Action item »
Without the pictures, copy all the entries below exactly.

(Beginning of Given data)

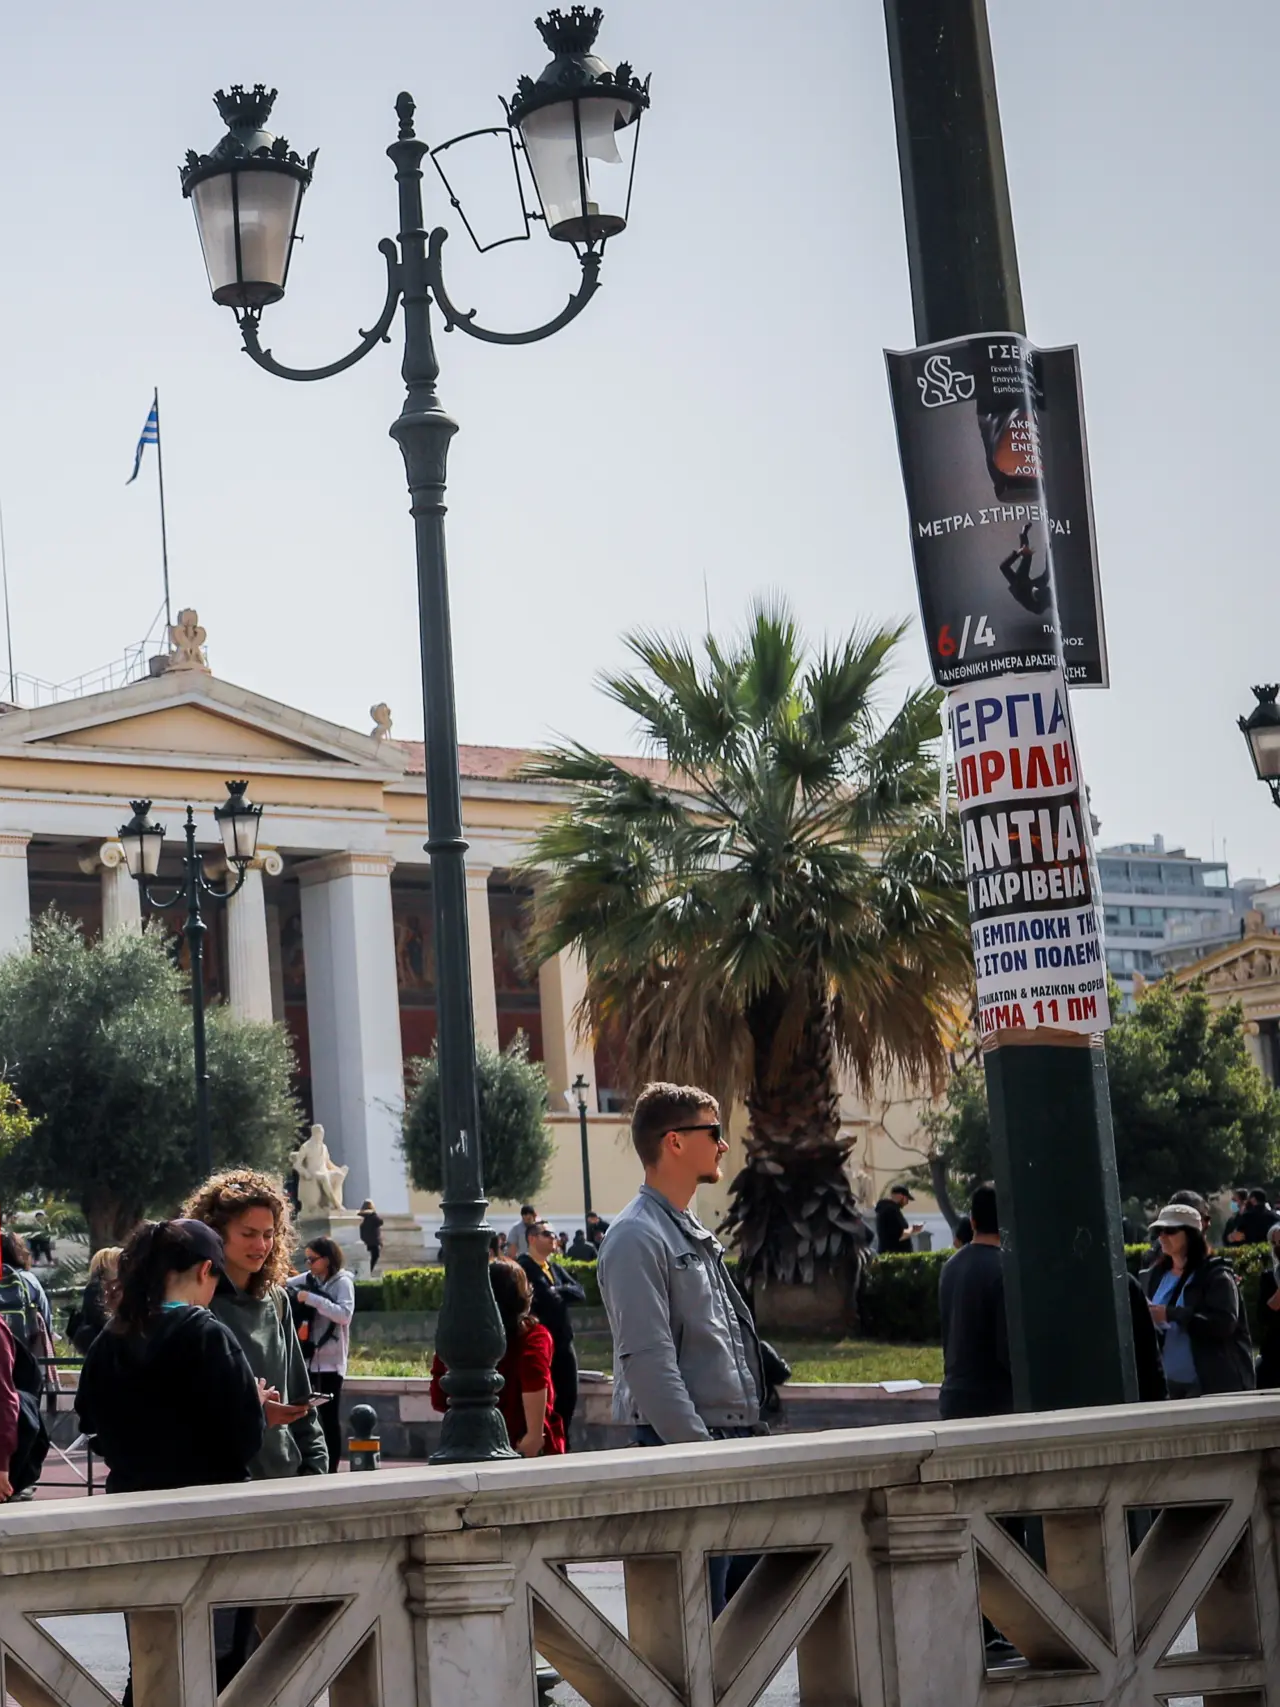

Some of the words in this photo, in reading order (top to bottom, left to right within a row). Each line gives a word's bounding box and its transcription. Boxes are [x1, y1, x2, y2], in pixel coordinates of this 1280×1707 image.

[918, 513, 974, 537] ΜΕΤΡΑ
[938, 615, 996, 659] 6/4
[990, 656, 1023, 672] ΗΜΕΡΑ
[979, 864, 1085, 909] ΑΚΡΙΒΕΙΑ
[983, 917, 1071, 948] ΕΜΠΛΟΚΗ
[985, 949, 1028, 976] ΣΤΟΝ
[1021, 988, 1027, 999] &
[1031, 984, 1075, 998] ΜΑΖΙΚΩΝ
[1033, 1000, 1059, 1023] 11
[1067, 995, 1097, 1021] ΠΜ
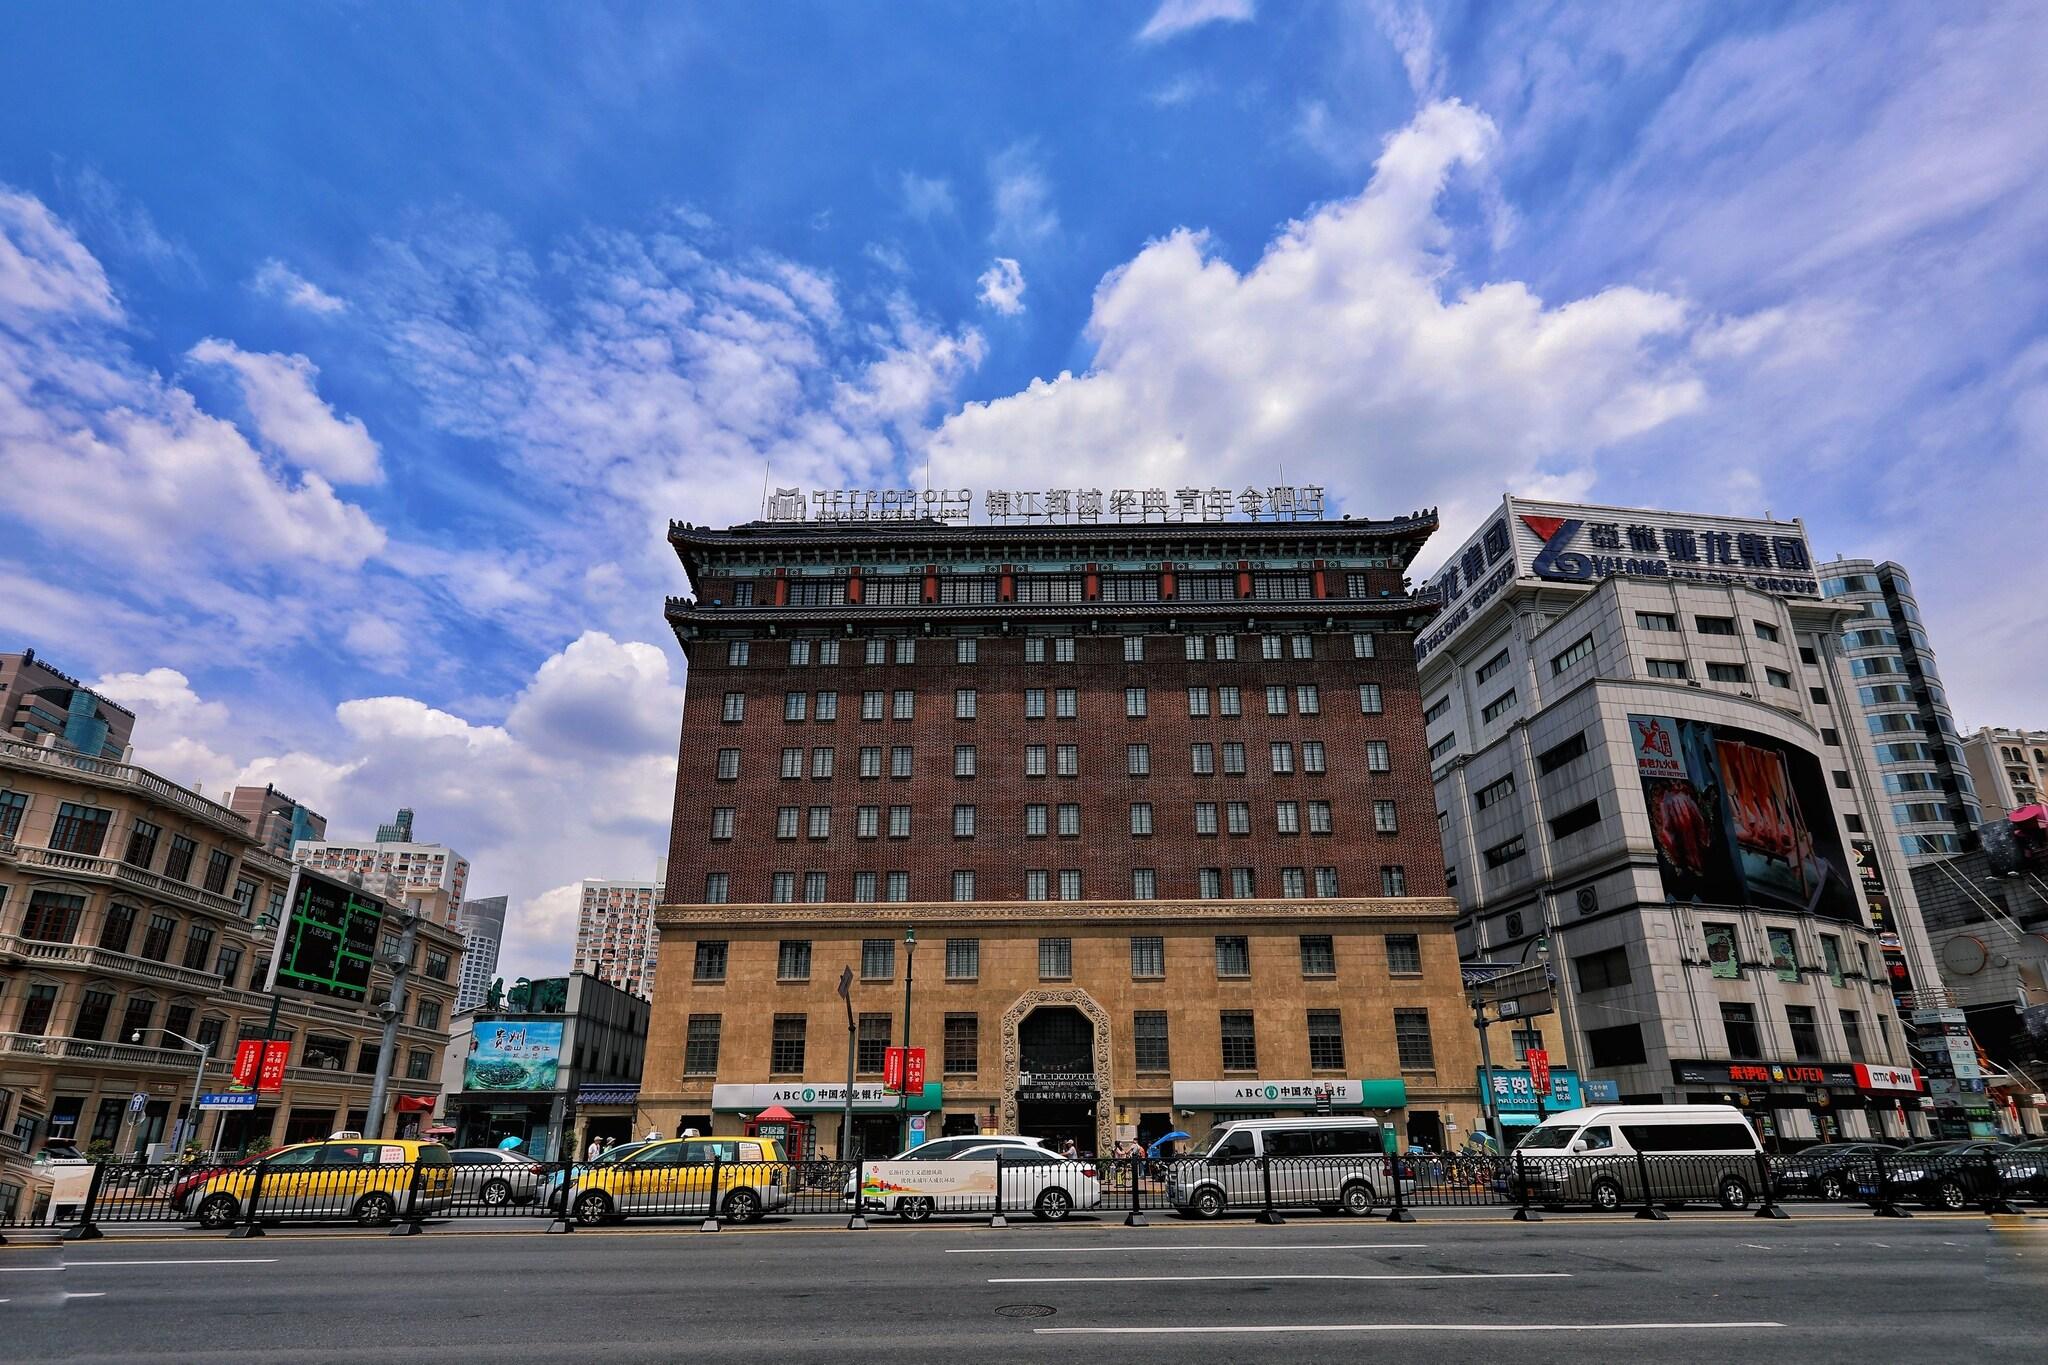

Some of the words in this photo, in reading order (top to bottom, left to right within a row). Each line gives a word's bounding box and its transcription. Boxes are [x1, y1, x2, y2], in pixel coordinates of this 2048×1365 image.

(End of Given data)

Expected answer »
Some of the words in this photo, in reading order (top to bottom, left to right within a row). Each line gives a word's bounding box and its transcription. Boxes are [x1, y1, x2, y2], in pixel coordinates of this 1280×1707 image.

[918, 513, 974, 537] ΜΕΤΡΑ
[938, 615, 996, 659] 6/4
[990, 656, 1023, 672] ΗΜΕΡΑ
[979, 864, 1085, 909] ΑΚΡΙΒΕΙΑ
[983, 917, 1071, 948] ΕΜΠΛΟΚΗ
[985, 949, 1028, 976] ΣΤΟΝ
[1021, 988, 1027, 999] &
[1031, 984, 1075, 998] ΜΑΖΙΚΩΝ
[1033, 1000, 1059, 1023] 11
[1067, 995, 1097, 1021] ΠΜ

Some of the words in this photo, in reading order (top to bottom, left to right within a row). Each line gives a word's bounding box and its transcription. Boxes are [x1, y1, x2, y2], in pixel coordinates of this 2048×1365 image.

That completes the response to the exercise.